Brynn Lietuvnikas, “SteamPunk Revolution”

It was a feeling almost unknown in 2134. This thing couldn’t
see her, but she could see it. Mindy was physically the next best
thing to being inside of that tome. She sat with her back arched as
she curved over the book, a bundle of papers tied together. The book
wasn’t peering into her thoughts; it didn’t know how to document
the time she spent on one page and compare it to another. It created
this butterfly buzz inside of her stomach, which was ruined when
Plier opened the steel door to their concrete apartment. Mindy’s
heart rate escalated. The bright white ceiling lights seemed to dance.
Plier was supposed to have been out all night. He had taken the
12:00 P.M.-7:00 A.M. shift at the robotic hospital. She whirled to
the clock and found that it was already 7:45. She turned back to
Plier, whose eyes had never left her. He stared, and Mindy could
hear herself breathe. She hadn’t done anything wrong; what she was
doing wasn’t technically illegal.
When a minute passed without him speaking, Mindy had
to break the silence. It was a mounting weight she had to throw
off. “It’s just…smut,” she blurted. Plier smiled, covered his face, and
laughed bitterly.
“For you, it probably is. It is romanticized, I’m sure.”
Mindy’s face flushed with anger. When Plier called something
“romantic,” he meant “stupid.” Plier came forward, gently tugged
the book from her hands. If he had done it more forcefully, Mindy
would have fought back, but in this case, she just let the volume slip
away. Plier silently read over the page she was on.
Then he smiled. It was an expression full of venom. “So I
tell you, younger generation: they forged you in the smiths like
their machines and sent you out. Stop taking the updates to your
figurative programming. Stop plugging yourself in at night. Rise
with me and we will reclaim what they have taken–” He broke off in
laughter. “Is this man a preacher or a revolutionist? His tone is all off.”
Mindy’s nose scrunched up as her face tightened in on itself.
She began to shout something, but Plier’s soft voice cut her off.
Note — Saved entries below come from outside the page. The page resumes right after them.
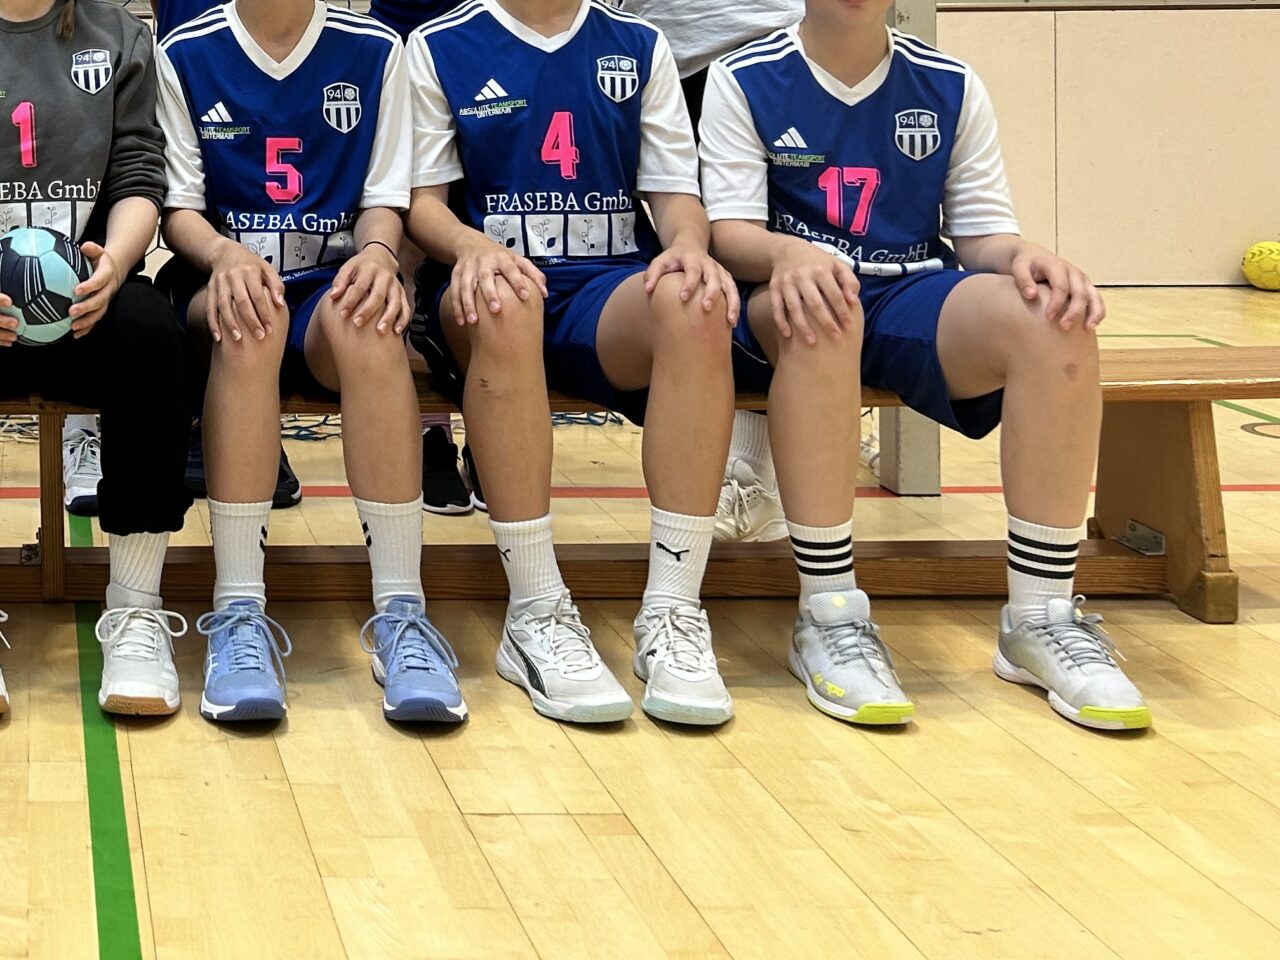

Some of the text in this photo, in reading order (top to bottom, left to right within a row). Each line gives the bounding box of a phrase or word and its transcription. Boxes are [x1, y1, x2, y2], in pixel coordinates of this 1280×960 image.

[76, 54, 91, 63] 94
[601, 60, 617, 70] 94
[327, 89, 342, 100] 94
[899, 116, 915, 126] 94
[11, 101, 37, 168] 1
[541, 111, 580, 179] 4
[265, 137, 303, 204] 5
[47, 178, 101, 199] Gmb
[485, 192, 580, 213] FRASEBA
[818, 166, 880, 236] 17
[226, 211, 297, 230] ASEBA
[869, 242, 929, 263] GmbH
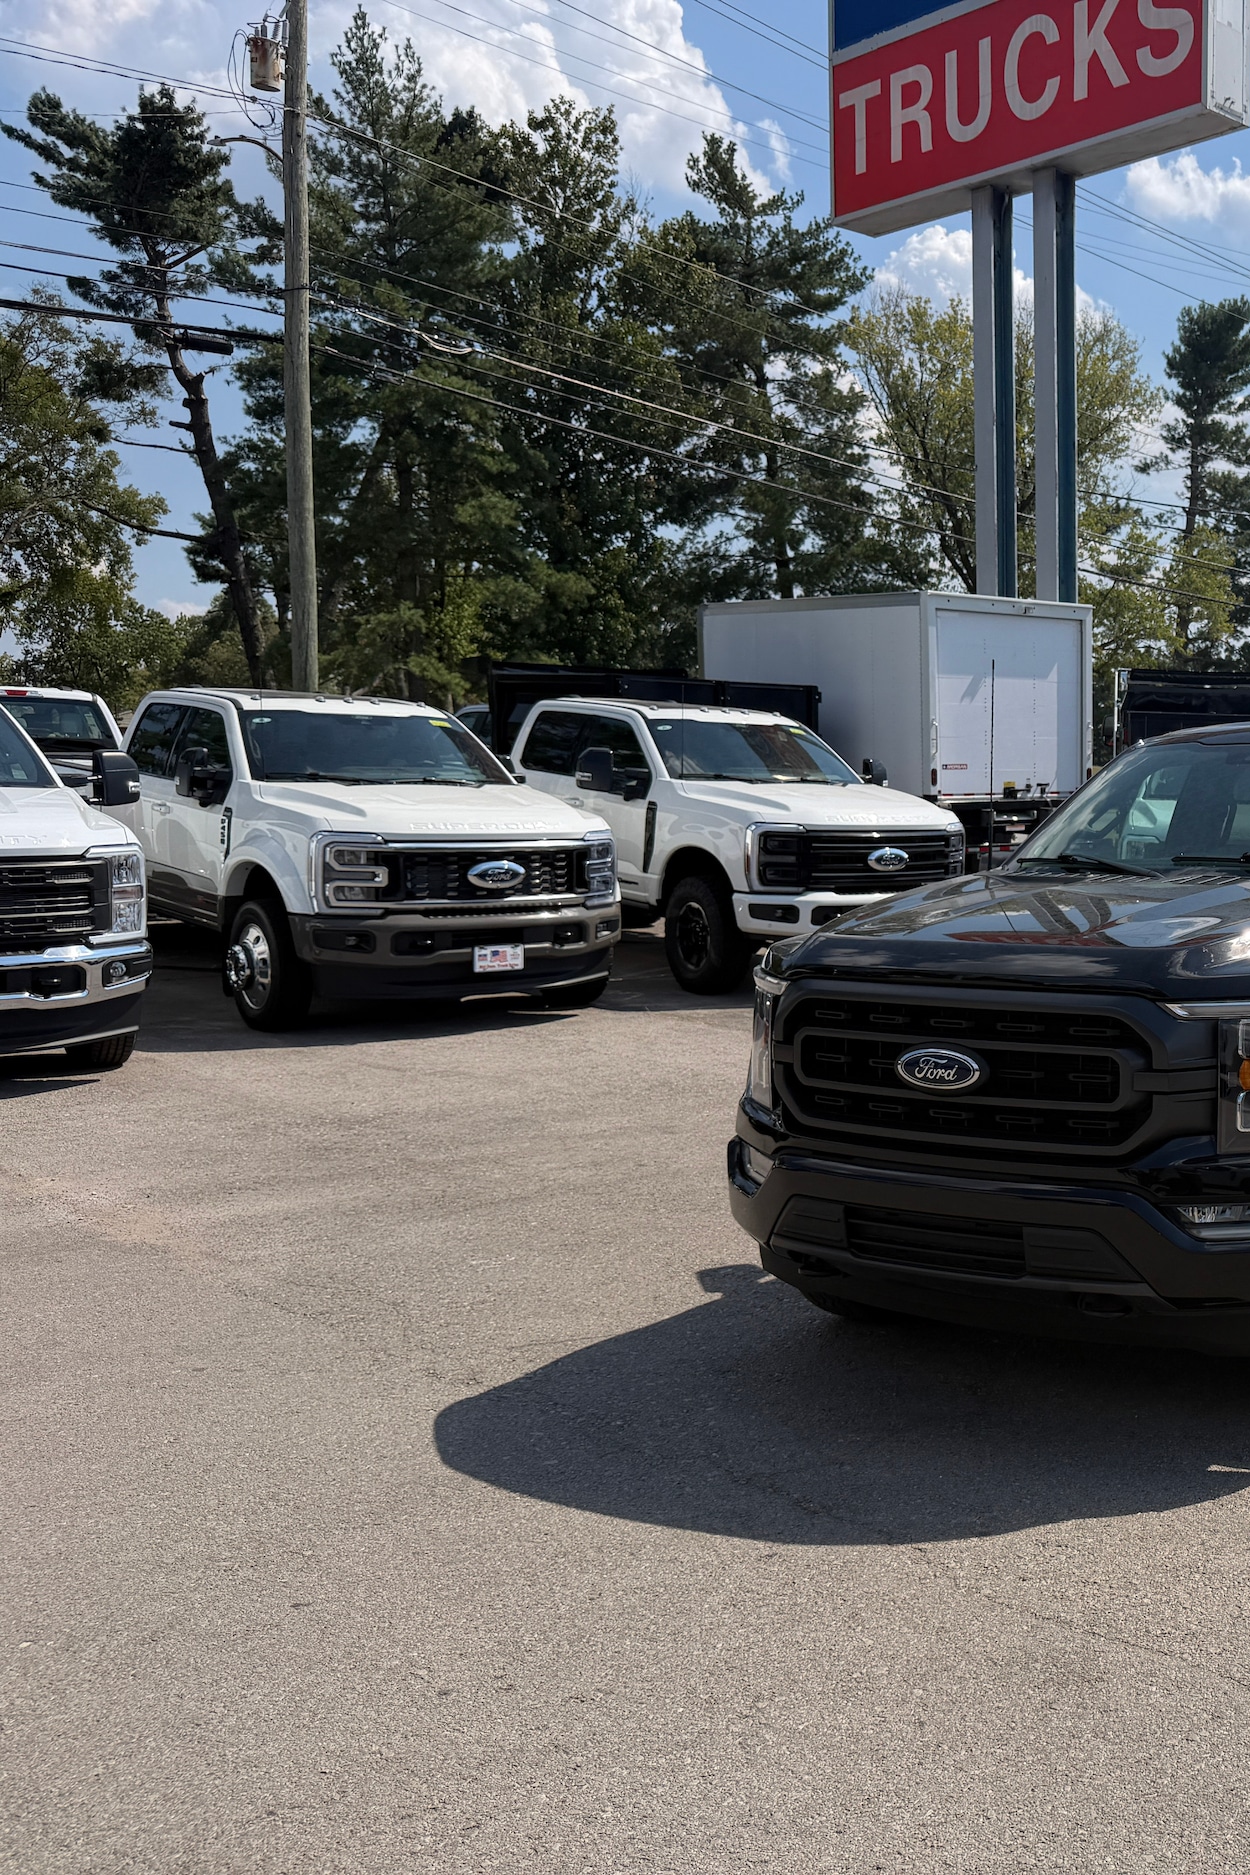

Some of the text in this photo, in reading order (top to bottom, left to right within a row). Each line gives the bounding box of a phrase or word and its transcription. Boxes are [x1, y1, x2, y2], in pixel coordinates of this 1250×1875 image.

[839, 0, 1195, 175] TRUCKS
[485, 868, 513, 881] Ford
[914, 1056, 959, 1081] Ford
“Well, he certainly isn’t an editor. Look at all these grammatical
errors.” He moved to show her the page again. He was inviting her
to see the book with his eyes; She refused.
“He had to get it out in a hurry.”
“Had to spread the Good Word?” Plier grinned, making a
reference to a long-lost religion. His smile quickly faded, replaced
by concern. “These words may be pretty, but they’ll get you killed.”
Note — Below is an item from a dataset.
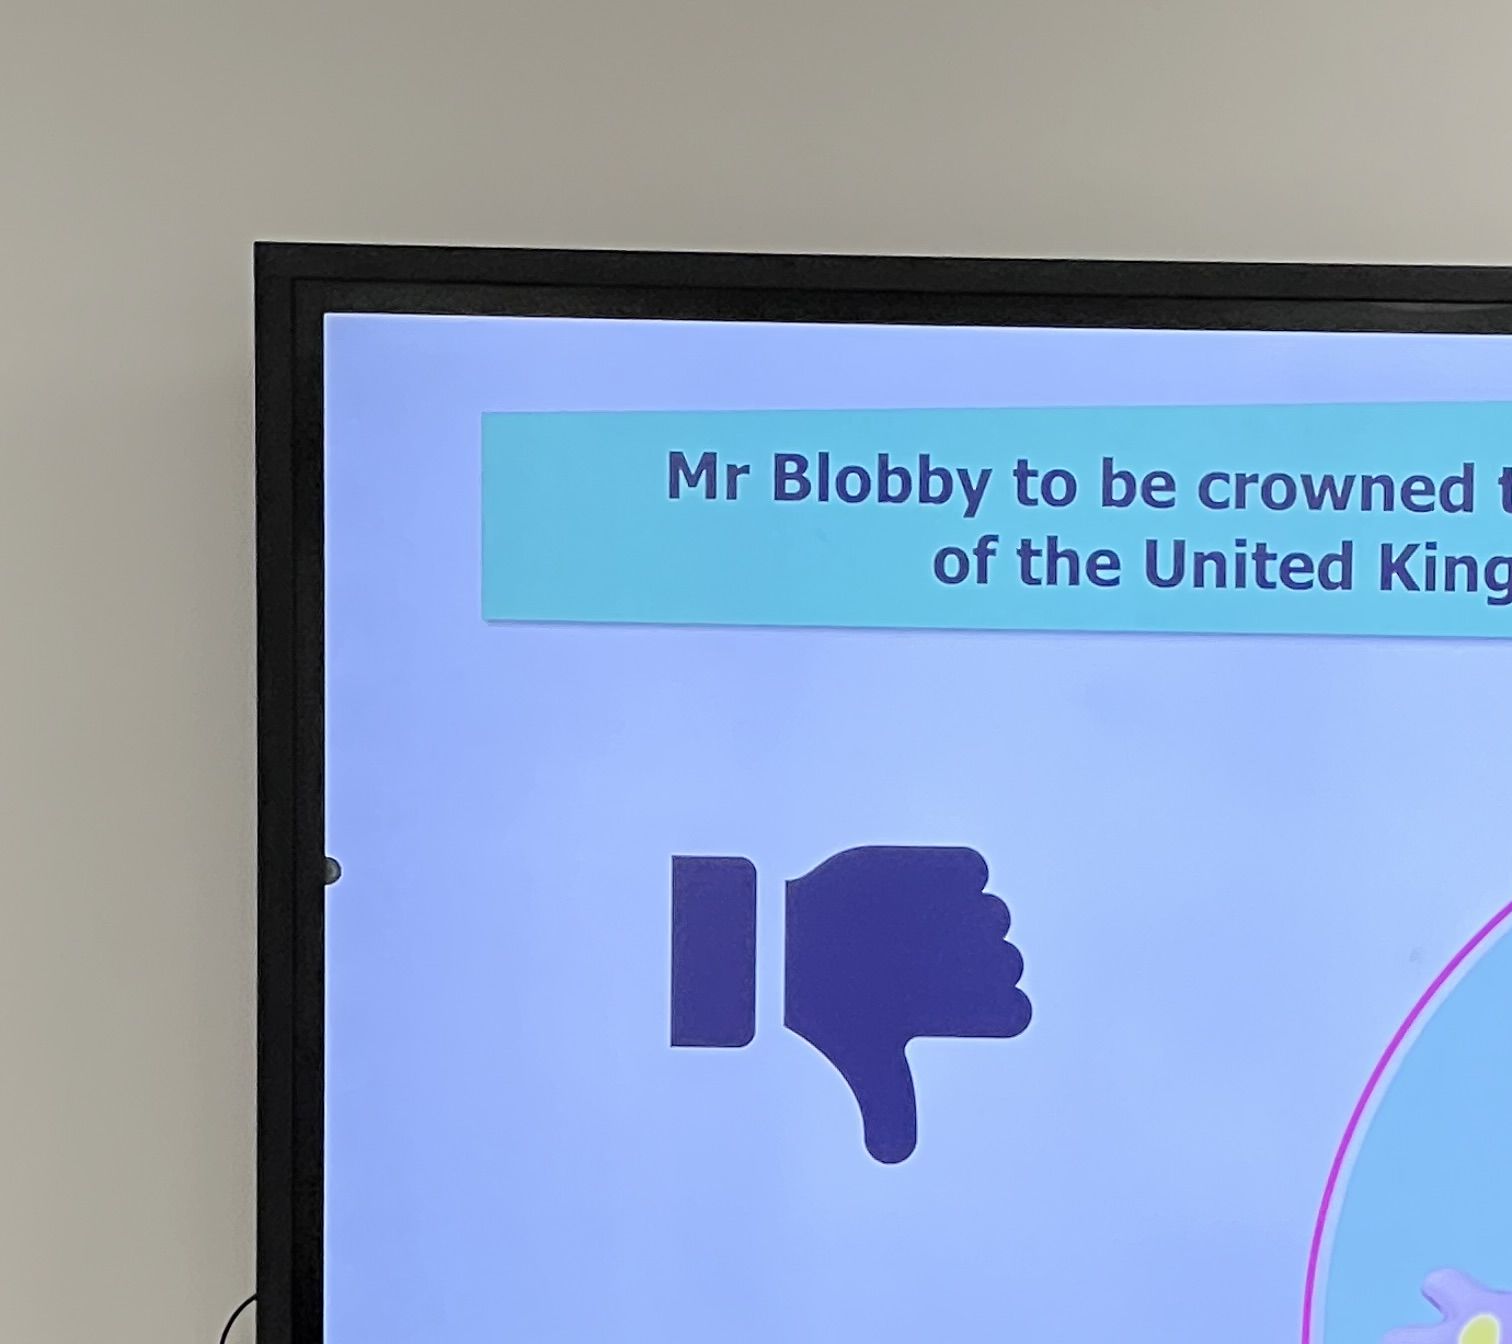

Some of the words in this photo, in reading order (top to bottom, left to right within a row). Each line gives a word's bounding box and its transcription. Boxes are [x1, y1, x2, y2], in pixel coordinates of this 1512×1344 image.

“I haven’t done anything wrong!”
“Not yet…” He read over the page one last time. His eyes
half-closed, too tired to fight anymore. Mindy wanted to take that
as a victory, but he looked too sad. He passed her the book back
with a sigh. In the morning, he’d say “You can’t fight them. They
have tanks; you have poetry.” But right now, he could only sigh.
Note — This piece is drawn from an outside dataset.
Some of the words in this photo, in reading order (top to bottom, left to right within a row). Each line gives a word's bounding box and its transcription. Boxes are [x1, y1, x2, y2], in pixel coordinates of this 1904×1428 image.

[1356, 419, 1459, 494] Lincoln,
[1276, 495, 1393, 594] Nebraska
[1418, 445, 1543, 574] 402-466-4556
Mindy got up. She went over to Plier’s bed on the other side
of the sporadically lit room. She pulled back the covers for him. He
nodded and crawled in. Mindy went back to her spot. She opened
her book again and started to read. She kept her posture better this
time. Out of the corner of her eye, she could see the light come on
from Plier’s tablet. His thumb scrolled across the screen, leaving a
data trail he couldn’t see, sculpting him in ways he didn’t know. After
an hour, he turned off the device and closed his eyes. Mindy put her
book down and went to sleep. She had a meeting in a few hours.